▼▼▼

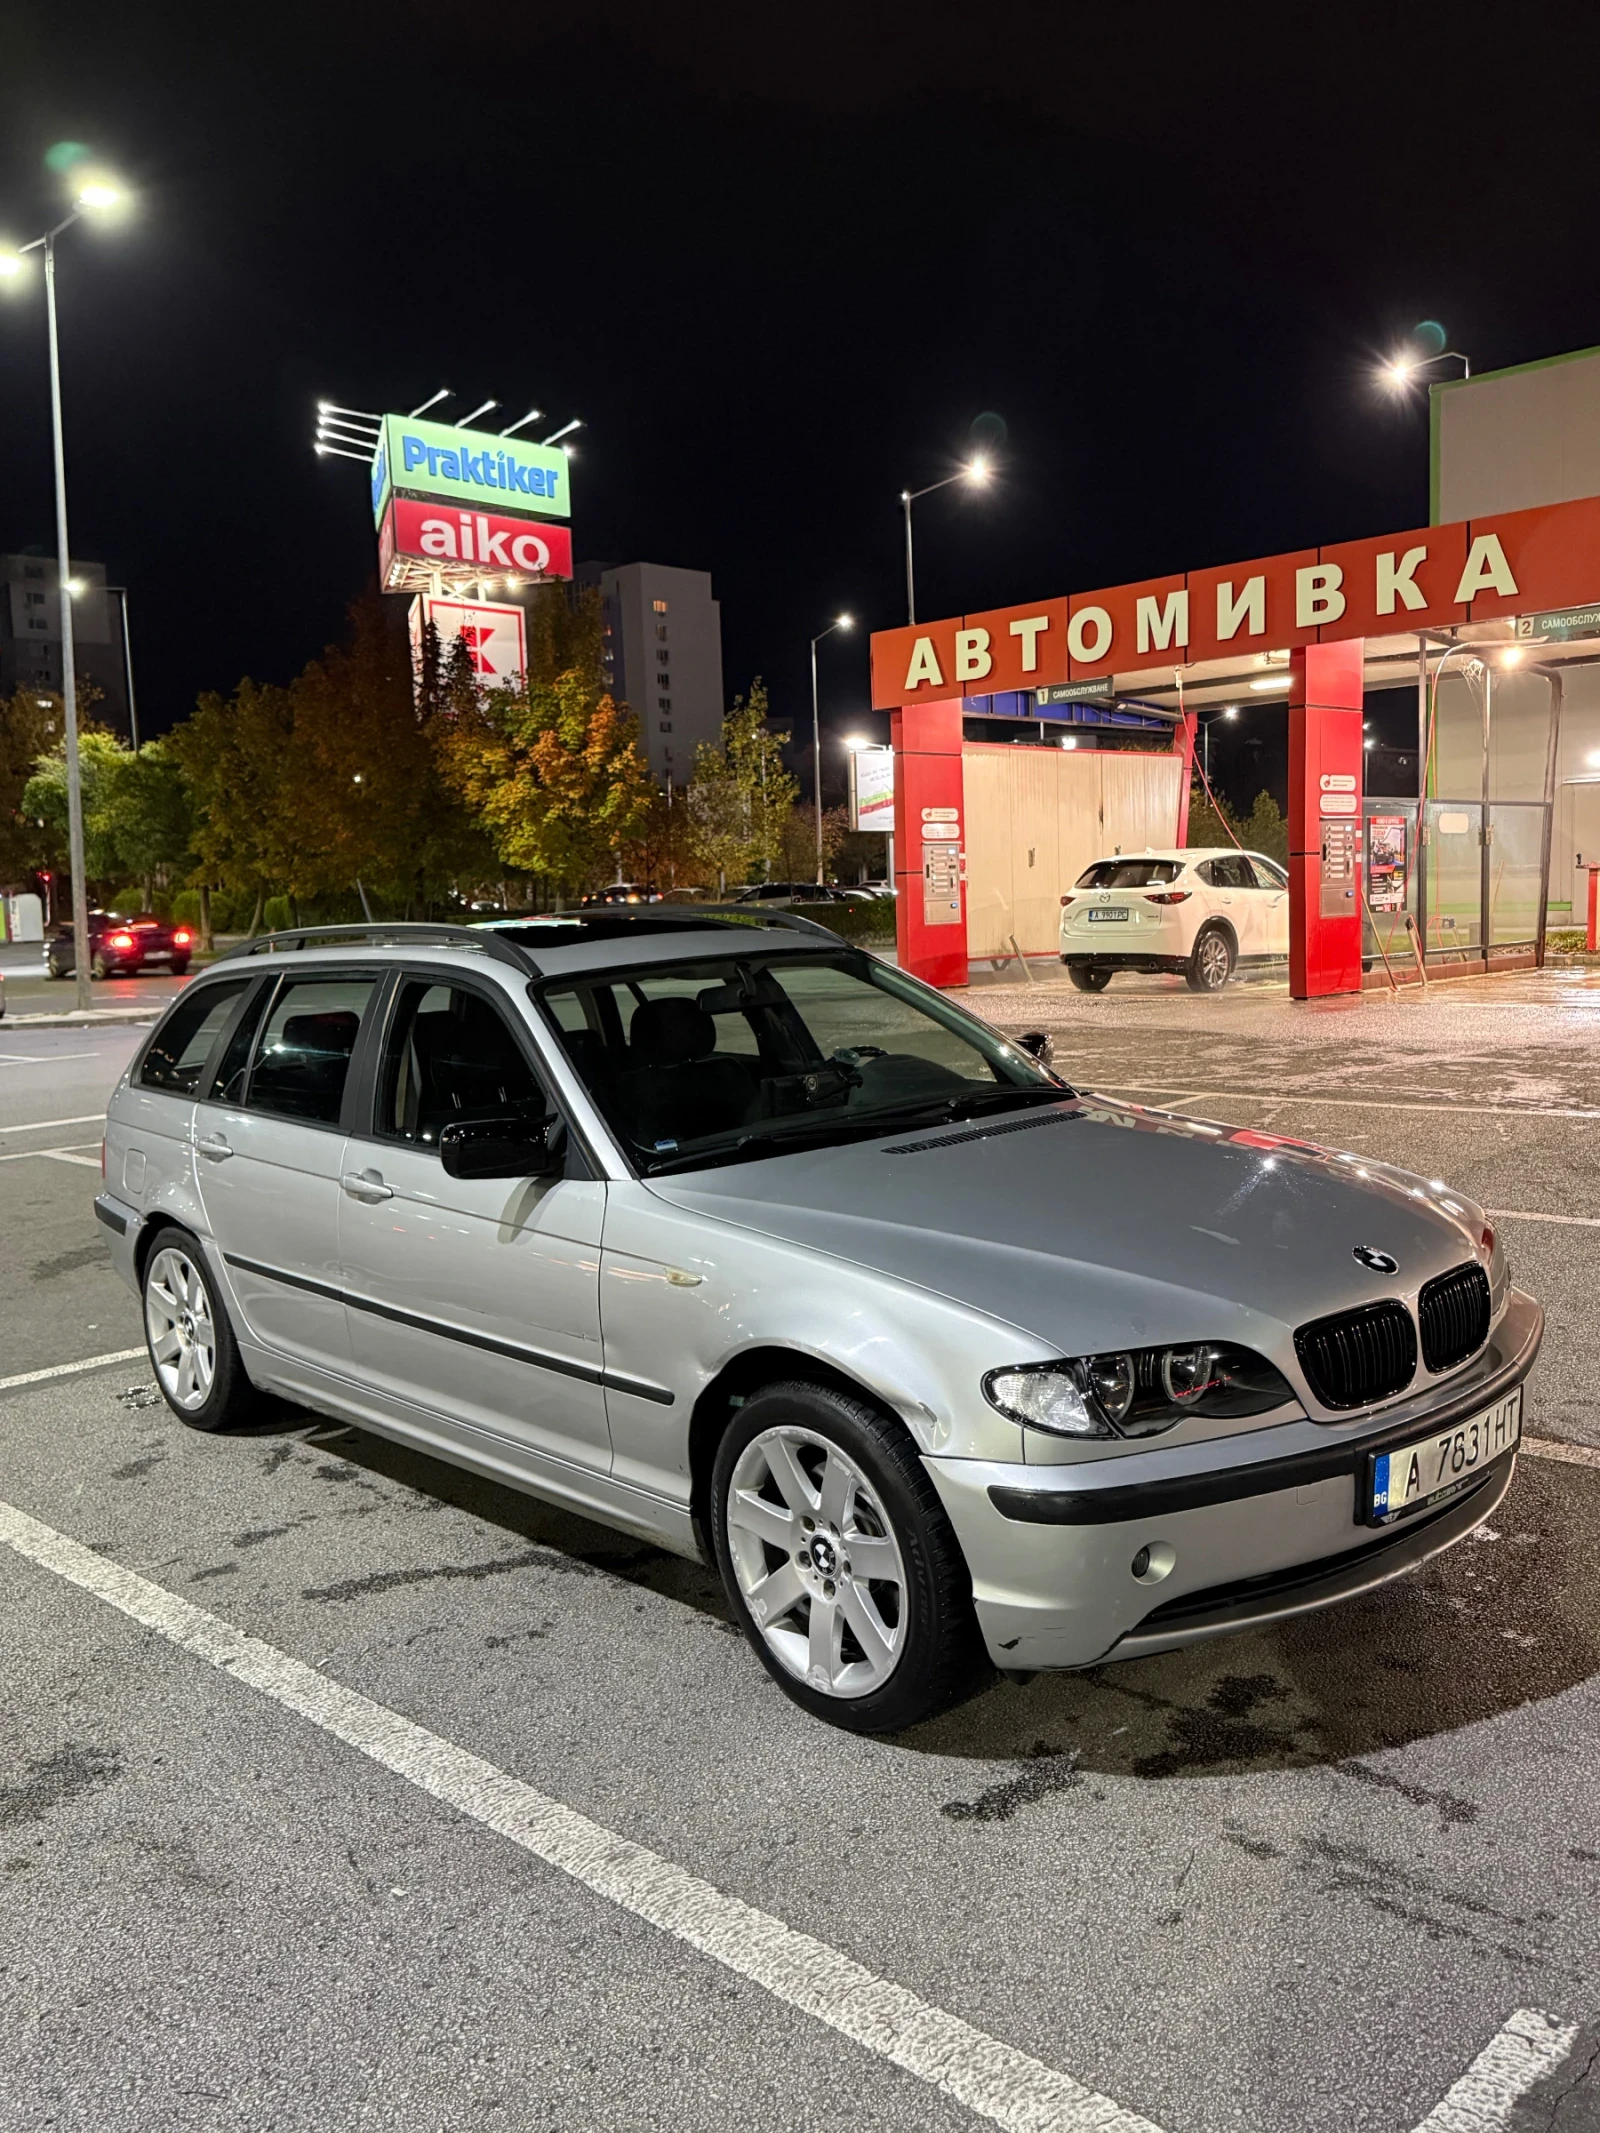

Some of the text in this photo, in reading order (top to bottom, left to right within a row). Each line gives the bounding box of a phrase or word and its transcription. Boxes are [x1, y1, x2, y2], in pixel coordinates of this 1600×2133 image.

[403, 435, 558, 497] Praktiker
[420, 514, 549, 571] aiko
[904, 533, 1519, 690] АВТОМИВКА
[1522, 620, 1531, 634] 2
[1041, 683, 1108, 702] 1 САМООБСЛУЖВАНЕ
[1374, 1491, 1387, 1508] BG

▲▲▲

INSTRUCTIONS TO FOLLOW - Only the pictures are to be dropped; the rest of the material above must be duplicated exactly.

ANSWER AREA -
Some of the text in this photo, in reading order (top to bottom, left to right within a row). Each line gives the bounding box of a phrase or word and its transcription. Boxes are [x1, y1, x2, y2], in pixel coordinates of this 1600×2133 image.

[403, 435, 558, 497] Praktiker
[420, 514, 549, 571] aiko
[904, 533, 1519, 690] АВТОМИВКА
[1522, 620, 1531, 634] 2
[1041, 683, 1108, 702] 1 САМООБСЛУЖВАНЕ
[1374, 1491, 1387, 1508] BG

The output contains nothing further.